* [What you are asked to do]
The expected output is the line bearing "this 1280×1707 image." followed by all remaining lines of the records, each restated word for word.
^^^^
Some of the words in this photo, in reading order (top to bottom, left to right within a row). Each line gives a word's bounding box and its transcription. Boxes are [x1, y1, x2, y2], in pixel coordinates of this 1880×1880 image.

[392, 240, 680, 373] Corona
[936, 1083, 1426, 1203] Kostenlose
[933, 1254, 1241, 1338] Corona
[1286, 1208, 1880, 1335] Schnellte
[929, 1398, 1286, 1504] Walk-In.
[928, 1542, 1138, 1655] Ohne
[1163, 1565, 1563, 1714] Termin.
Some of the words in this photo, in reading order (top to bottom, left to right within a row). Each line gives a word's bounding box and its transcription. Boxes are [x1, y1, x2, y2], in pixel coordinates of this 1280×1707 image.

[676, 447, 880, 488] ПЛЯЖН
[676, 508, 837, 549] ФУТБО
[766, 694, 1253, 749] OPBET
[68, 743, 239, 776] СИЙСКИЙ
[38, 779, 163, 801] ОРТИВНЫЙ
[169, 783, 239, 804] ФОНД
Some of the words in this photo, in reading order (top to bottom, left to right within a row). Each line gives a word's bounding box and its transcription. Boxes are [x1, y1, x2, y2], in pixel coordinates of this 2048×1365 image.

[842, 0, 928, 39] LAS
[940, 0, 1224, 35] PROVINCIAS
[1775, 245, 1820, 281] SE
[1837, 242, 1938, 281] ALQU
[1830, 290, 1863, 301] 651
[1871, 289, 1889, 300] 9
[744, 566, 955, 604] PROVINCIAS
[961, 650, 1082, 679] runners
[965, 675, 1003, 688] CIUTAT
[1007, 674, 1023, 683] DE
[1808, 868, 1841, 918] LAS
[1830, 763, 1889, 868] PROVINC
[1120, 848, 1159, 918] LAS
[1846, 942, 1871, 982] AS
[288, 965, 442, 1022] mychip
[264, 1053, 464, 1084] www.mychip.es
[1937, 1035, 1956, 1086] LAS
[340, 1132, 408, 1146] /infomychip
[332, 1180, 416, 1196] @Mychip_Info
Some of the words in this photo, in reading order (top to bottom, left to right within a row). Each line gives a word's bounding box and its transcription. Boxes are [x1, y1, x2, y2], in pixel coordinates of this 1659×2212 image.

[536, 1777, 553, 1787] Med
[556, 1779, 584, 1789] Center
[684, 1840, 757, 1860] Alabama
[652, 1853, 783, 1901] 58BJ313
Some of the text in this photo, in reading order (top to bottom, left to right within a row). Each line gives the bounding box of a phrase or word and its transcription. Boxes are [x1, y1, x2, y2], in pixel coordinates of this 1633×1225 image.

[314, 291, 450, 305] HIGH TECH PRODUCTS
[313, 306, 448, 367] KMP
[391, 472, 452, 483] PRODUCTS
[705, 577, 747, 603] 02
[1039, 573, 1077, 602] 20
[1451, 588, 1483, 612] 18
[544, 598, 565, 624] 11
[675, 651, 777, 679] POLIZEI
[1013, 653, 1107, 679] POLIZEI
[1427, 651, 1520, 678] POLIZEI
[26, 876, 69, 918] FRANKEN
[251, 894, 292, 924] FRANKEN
^^^^
* [Reply]
Some of the words in this photo, in reading order (top to bottom, left to right within a row). Each line gives a word's bounding box and its transcription. Boxes are [x1, y1, x2, y2], in pixel coordinates of this 1280×1707 image.

[676, 447, 880, 488] ПЛЯЖН
[676, 508, 837, 549] ФУТБО
[766, 694, 1253, 749] OPBET
[68, 743, 239, 776] СИЙСКИЙ
[38, 779, 163, 801] ОРТИВНЫЙ
[169, 783, 239, 804] ФОНД
Some of the words in this photo, in reading order (top to bottom, left to right within a row). Each line gives a word's bounding box and its transcription. Boxes are [x1, y1, x2, y2], in pixel coordinates of this 2048×1365 image.

[842, 0, 928, 39] LAS
[940, 0, 1224, 35] PROVINCIAS
[1775, 245, 1820, 281] SE
[1837, 242, 1938, 281] ALQU
[1830, 290, 1863, 301] 651
[1871, 289, 1889, 300] 9
[744, 566, 955, 604] PROVINCIAS
[961, 650, 1082, 679] runners
[965, 675, 1003, 688] CIUTAT
[1007, 674, 1023, 683] DE
[1808, 868, 1841, 918] LAS
[1830, 763, 1889, 868] PROVINC
[1120, 848, 1159, 918] LAS
[1846, 942, 1871, 982] AS
[288, 965, 442, 1022] mychip
[264, 1053, 464, 1084] www.mychip.es
[1937, 1035, 1956, 1086] LAS
[340, 1132, 408, 1146] /infomychip
[332, 1180, 416, 1196] @Mychip_Info
Some of the words in this photo, in reading order (top to bottom, left to right within a row). Each line gives a word's bounding box and its transcription. Boxes are [x1, y1, x2, y2], in pixel coordinates of this 1659×2212 image.

[536, 1777, 553, 1787] Med
[556, 1779, 584, 1789] Center
[684, 1840, 757, 1860] Alabama
[652, 1853, 783, 1901] 58BJ313
Some of the text in this photo, in reading order (top to bottom, left to right within a row). Each line gives the bounding box of a phrase or word and its transcription. Boxes are [x1, y1, x2, y2], in pixel coordinates of this 1633×1225 image.

[314, 291, 450, 305] HIGH TECH PRODUCTS
[313, 306, 448, 367] KMP
[391, 472, 452, 483] PRODUCTS
[705, 577, 747, 603] 02
[1039, 573, 1077, 602] 20
[1451, 588, 1483, 612] 18
[544, 598, 565, 624] 11
[675, 651, 777, 679] POLIZEI
[1013, 653, 1107, 679] POLIZEI
[1427, 651, 1520, 678] POLIZEI
[26, 876, 69, 918] FRANKEN
[251, 894, 292, 924] FRANKEN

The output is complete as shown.